Typically around three-and-a-half feet tall and weighing 100 pounds, shoonies are squat and furry with flattened canine faces and wet, black noses. Their fur is most commonly fawn or black in color, though patterns are not uncommon, and even the fittest shoony has a pudgy appearance due to their loose skin.1 Shoonies from colder climates, known as thickcoat shoonies, have thicker fur that acclimates them to snow and extremely frigid temperatures.3

Shoonies have short, curly tails that sometimes wag involuntarily when they are particularly overwhelmed with happiness or excitement. Similar to dogs, shoonies pant to cool off, and a shoony with a lolling tongue is a common sight on a warm day. Sexual dimorphism is practically non-existent, and as they age, both sexes develop gray facial fur, wrinkly skin, and frail joints.1


A shoony hierarch wields a bow.

Few shoonies willingly choose to leave their homeland and friends in favor of facing the unknown, and the circumstances that lead a shoony to adventure are often dramatic and life-altering, if not tragic.

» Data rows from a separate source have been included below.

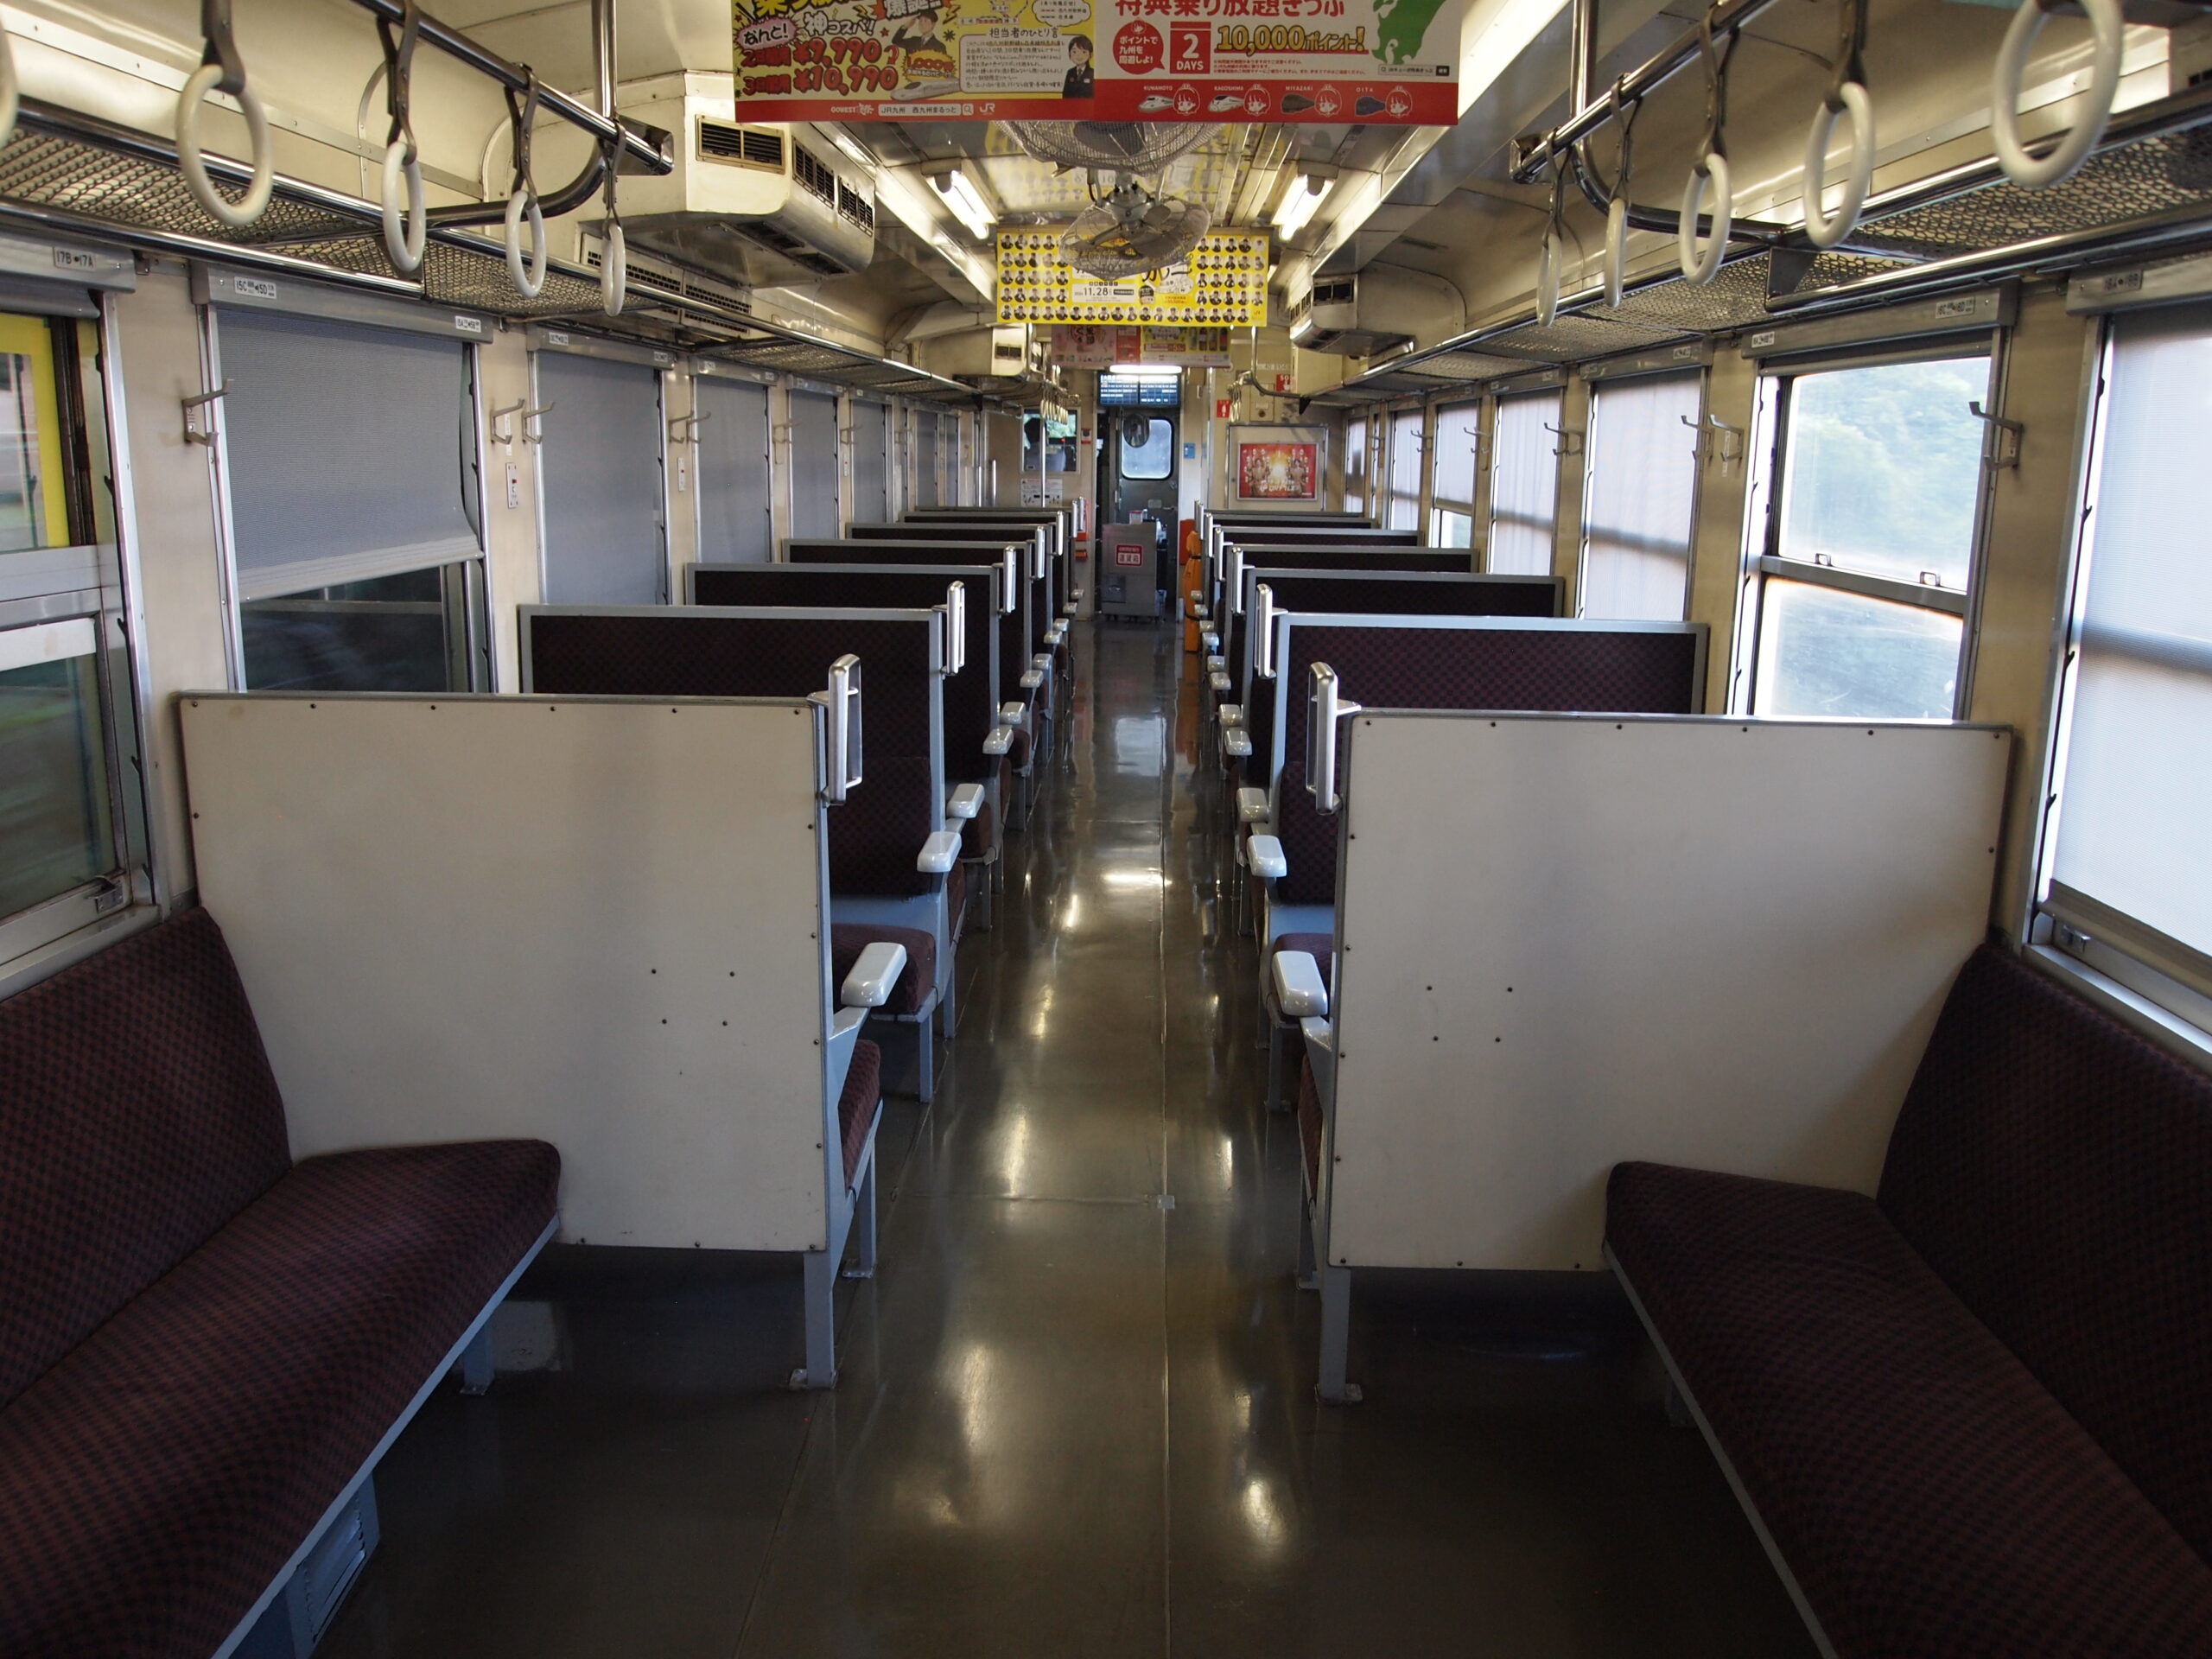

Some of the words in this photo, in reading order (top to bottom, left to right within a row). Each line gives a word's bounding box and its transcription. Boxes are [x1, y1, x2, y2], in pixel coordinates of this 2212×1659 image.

[989, 28, 1059, 38] 担当者のひとり言
[1182, 33, 1200, 59] 2
[1176, 60, 1204, 70] DAYS
[881, 105, 906, 114] JR九州
[56, 250, 72, 264] 17B
[1084, 287, 1109, 296] 11.28

That said, some shoonies do travel to search for riches to bring back to their home or to avenge their kinfolk, and shoony adventurers who show courage or ingenuity are sure to earn a place in the legends of their people. Many shoony adventurers are fighters who hone their skills to become stalwart defenders of their friends. Some shoonies pursue theology and become clerics or champions, while others develop their foraging and hunting skills as talented druids and rangers.4


Shoonies typically live in small farming communities as a way reducing environmental impact and place significant value in improving the ecosystems around them. To the shoony people, nothing is more important than the community around them and the environment that supports them. Pacifism, empathy, loyalty, and generosity are values that are pervasive within shoony society,1 traits that might have contributed to their decline as the world has grown increasingly hostile and violent.2

Shoony clans must often trade for resources they lack, such as metal tools, weapons, and armor, and they deeply value both their tools and their trade relationships.2 Their primary staple crops include barley and beans, but they are most renowned for the rumored enhancing qualities of their fiddlehead ferns, cabbages, and carrots, and only shoonies know the secrets of cultivating their extraordinary properties.5

Their agrarian society is vulnerable to poorly producing seasons, which can leave them with few resources for bartering.2 Due to the scarcity of weapons, most are kept in service of a community's militia, whose weapons are traditionally passed down between generations.6

A shoony reaches maturity between the ages of eight to ten years old, and it is rare to find even a village elder over the age of 50. Despite the brevity of their lifespans, shoonies maintain a rosy outlook on life, even in the toughest of times. Shoonies rely on close ties with loved ones, the beauty of the natural world, and the inherent rewards of hard work to lift their spirits in the face of adversity.1

Leadership of shoony communities tends to be hierarchical, with the heirarch responsible for leading the community's defence, or preferably evacuation, when necessary. The eldest child of a previous heirarch inherits rulership, and should a previous hierarch leave no heirs, shoonies elect a heirarch to a lifelong term.5

In Absalom

An enclave of shoonies lives in Absalom, where many work in delivering broadsheet newspapers thanks to preferential benefits offered by the Greenlift Post newsletter in Eastgate.7 Shoonies are as such part of the din related to the city's print publishing industry that permeates Scriveners' Square in the Wise Quarter.8


Shoony mythology claims that Aroden created their kind to be his companions shortly after he raised the Isle of Kortos from the sea. As a result, shoonies primarily worshiped Aroden until his death. Since then, many shoonies have adopted Erastil as their patron deity due to the overlap between his edicts on family, community, and responsibility to the natural world and typical shoony values. For the rare warriors among the shoony people, Iomedae is worshiped as a paragon of diligence and integrity.1

Notable shoonies

See also: Category:Shoony/Inhabitants


Paizo featured shoonies as an ancestry in Life's Long Shadows.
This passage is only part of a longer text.